Yao Francis Y, Gautam Manjushree, Palese Caren, Rebres Raquel, Terrault Norah, Roberts John P, Peters Marion G
Department of Medicine, University of California San Francisco, San Francisco, CA 94143-0538, USA.
Clin Transplant. 2006 Sep-Oct;20(5):617-23. doi: 10.1111/j.1399-0012.2006.00527.x.
Long-term survival data on de novo malignancy are limited following orthotopic liver transplantation (OLT) when compared with controls without malignancies.
Over a 12 yr period at our institution, 50 of 1043 patients (4.8%) who underwent OLT were identified to have 53 de novo malignancies.

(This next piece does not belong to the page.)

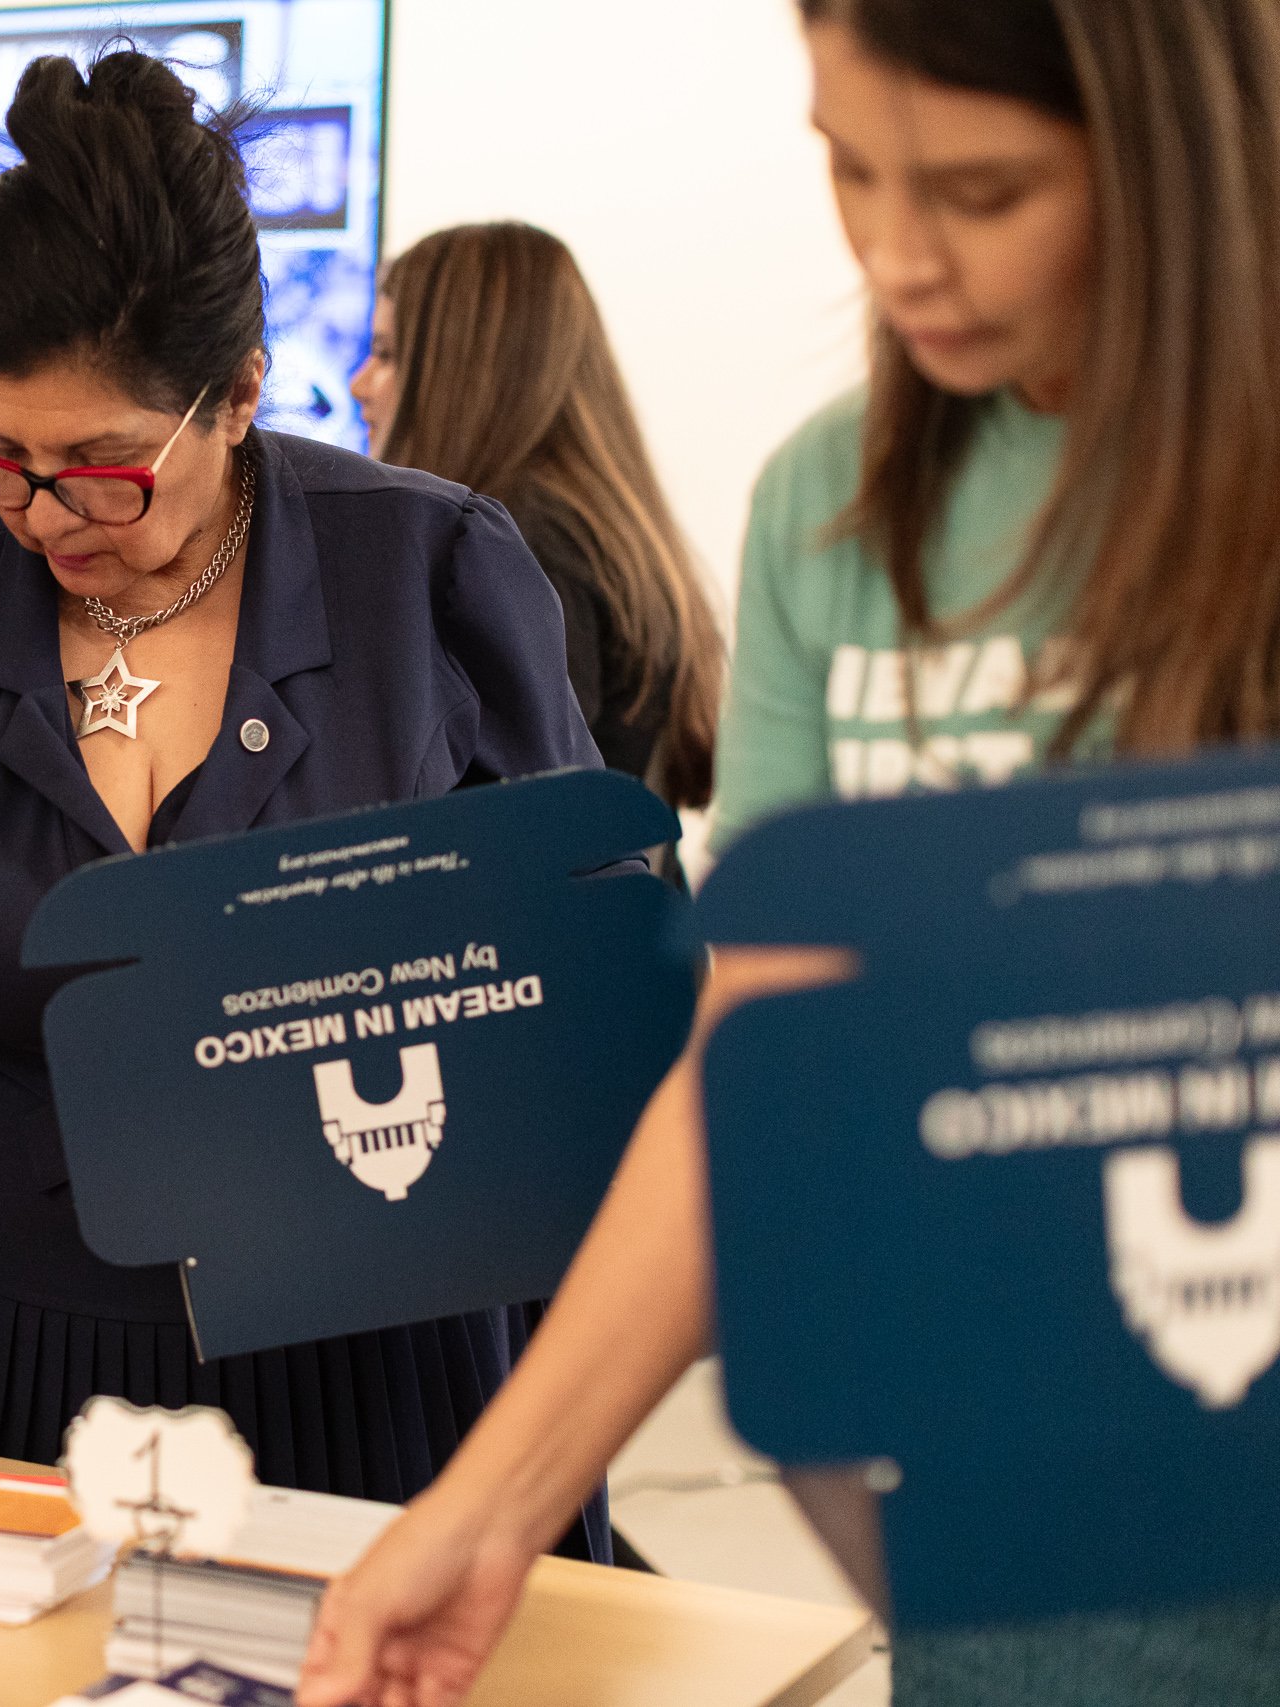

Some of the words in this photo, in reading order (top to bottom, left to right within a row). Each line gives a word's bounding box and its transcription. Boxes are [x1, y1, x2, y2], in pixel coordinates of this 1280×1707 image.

The clinical characteristics and survival of these patients were retrospectively reviewed and compared with a control cohort of 50 OLT recipients without malignancy matched with the incidence cases by age, year of OLT, sex, and type of liver disease.

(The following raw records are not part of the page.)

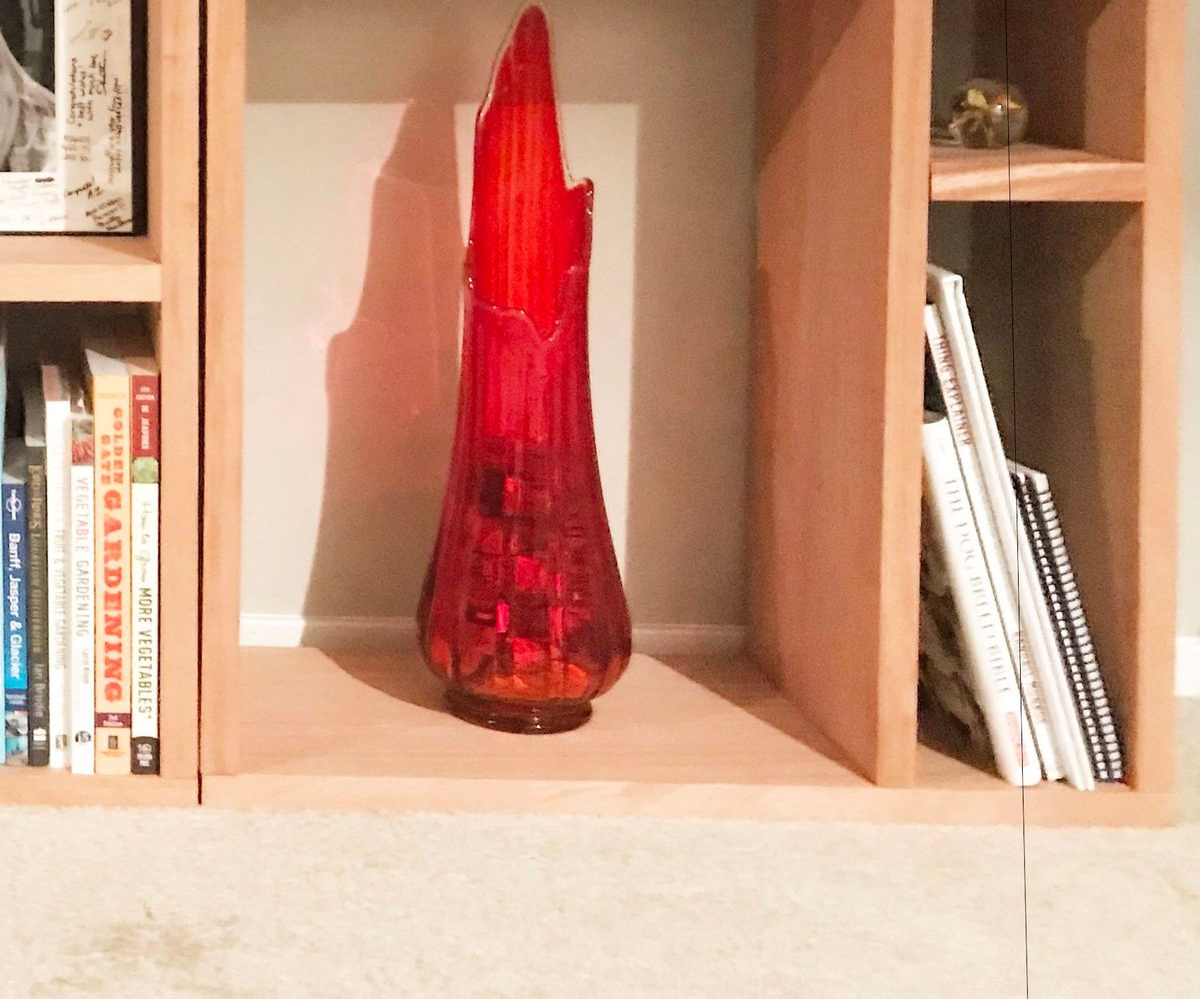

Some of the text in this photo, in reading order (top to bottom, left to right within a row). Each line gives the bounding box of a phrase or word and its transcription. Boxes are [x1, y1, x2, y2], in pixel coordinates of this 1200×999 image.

[112, 406, 125, 485] GOLDEN
[941, 378, 972, 447] EXPLAINER
[101, 433, 112, 485] GATE
[76, 477, 90, 638] VEGETABLE GARDENING
[954, 522, 978, 565] DOG
[6, 532, 24, 679] Banff, Jasper & Glacier
[103, 488, 123, 704] GARDENING

Chronic hepatitis C, alcohol and primary sclerosing cholangitis were the three leading causes of liver disease. Skin cancer was the most common malignancy (32%), followed by gastrointestinal (21%), including five small bowel tumors, and hematologic malignancies (17%). The cases and controls were not significantly different in the immunosuppressive regimen (p = 0.42) or the number of rejection episodes (p = 0.92). The five- and 10-year Kaplan-Meier survival rates for the cases were 77% and 34%, respectively, vs. 84% and 70%, respectively, for the controls (p = 0.02 by log-rank test). Patients with skin cancers had survival similar to the controls, but significantly better than non-skin cancers (p = 0.0001). The prognosis for patients with gastrointestinal tumors was poor, with a median survival of 8.5 months after the diagnosis.

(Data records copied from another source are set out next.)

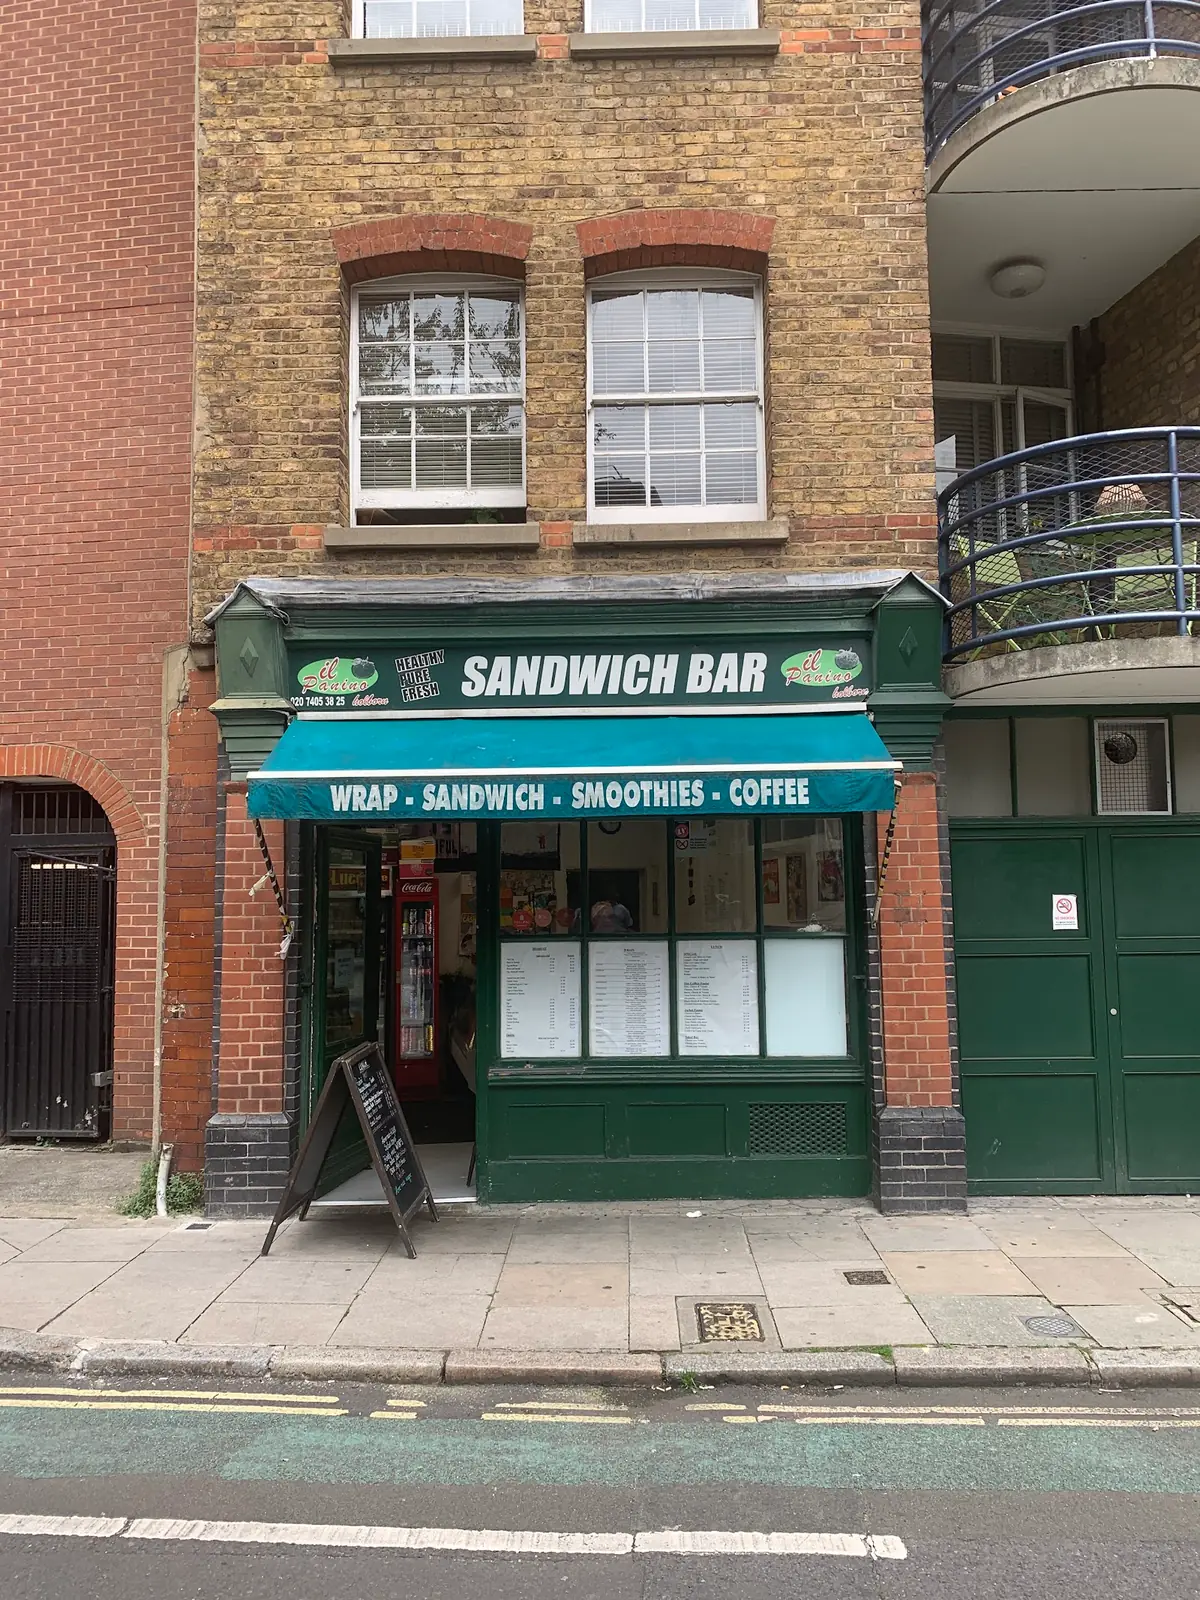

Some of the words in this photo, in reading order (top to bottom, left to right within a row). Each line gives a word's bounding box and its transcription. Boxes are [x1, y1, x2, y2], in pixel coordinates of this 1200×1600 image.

[395, 650, 445, 673] HEALTHY
[400, 669, 430, 687] PURE
[461, 654, 679, 697] SANDWICH
[686, 652, 768, 694] BAR
[786, 667, 852, 686] Panino
[302, 676, 368, 694] Panino
[402, 683, 440, 702] FRESH
[306, 697, 324, 707] 7405
[325, 697, 334, 706] 38
[336, 696, 345, 706] 25
[330, 784, 398, 812] WRAP
[422, 783, 544, 811] SANDWICH
[571, 779, 705, 809] SMOOTHIES
[729, 778, 810, 806] COFFEE
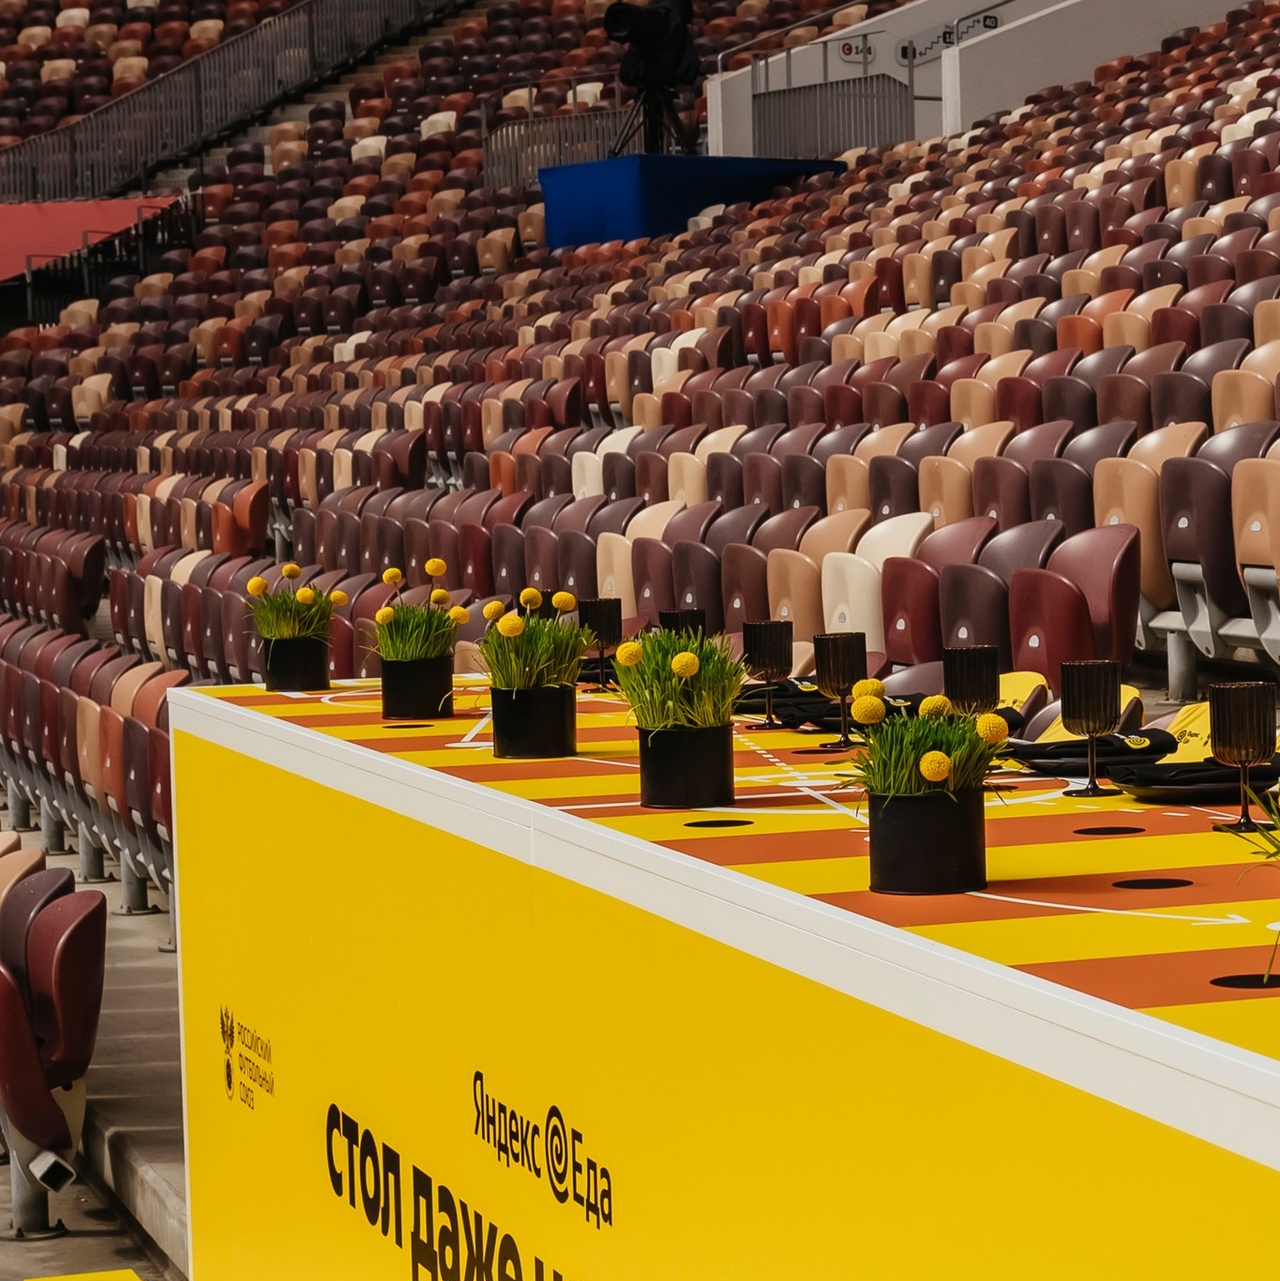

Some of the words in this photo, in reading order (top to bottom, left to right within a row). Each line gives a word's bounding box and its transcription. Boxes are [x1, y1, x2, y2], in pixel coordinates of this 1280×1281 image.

In this single institutional study, de novo malignancies after OLT were uncommon. Patients with non-skin cancer after OLT had diminished long-term survival compared with the controls. Our results differ from other reports in the high incidence of gastrointestinal malignancies with attendant poor prognosis.
与无恶性肿瘤的对照组相比,原位肝移植(OLT)后新发恶性肿瘤的长期生存数据有限。
在我们机构的12年期间,1043例行OLT的患者中有50例(4.8%)被确定患有53种新发恶性肿瘤。对这些患者的临床特征和生存情况进行回顾性分析,并与50例无恶性肿瘤的OLT受者组成的对照组进行比较,对照组在年龄、OLT年份、性别和肝病类型方面与发病病例相匹配。
慢性丙型肝炎、酒精性肝病和原发性硬化性胆管炎是肝病的三大主要病因。皮肤癌是最常见的恶性肿瘤(32%),其次是胃肠道肿瘤(21%),包括5例小肠肿瘤,血液系统恶性肿瘤占17%。病例组和对照组在免疫抑制方案(p = 0.42)或排斥反应发作次数(p = 0.92)方面无显著差异。病例组的5年和10年Kaplan-Meier生存率分别为77%和34%,而对照组分别为84%和70%(对数秩检验p = 0.02)。皮肤癌患者的生存率与对照组相似,但明显优于非皮肤癌患者(p = 0.0001)。胃肠道肿瘤患者的预后较差,诊断后的中位生存期为8.5个月。
在这项单机构研究中,OLT后新发恶性肿瘤并不常见。OLT后非皮肤癌患者的长期生存率低于对照组。我们的结果与其他报告不同,胃肠道恶性肿瘤的发病率高且预后差。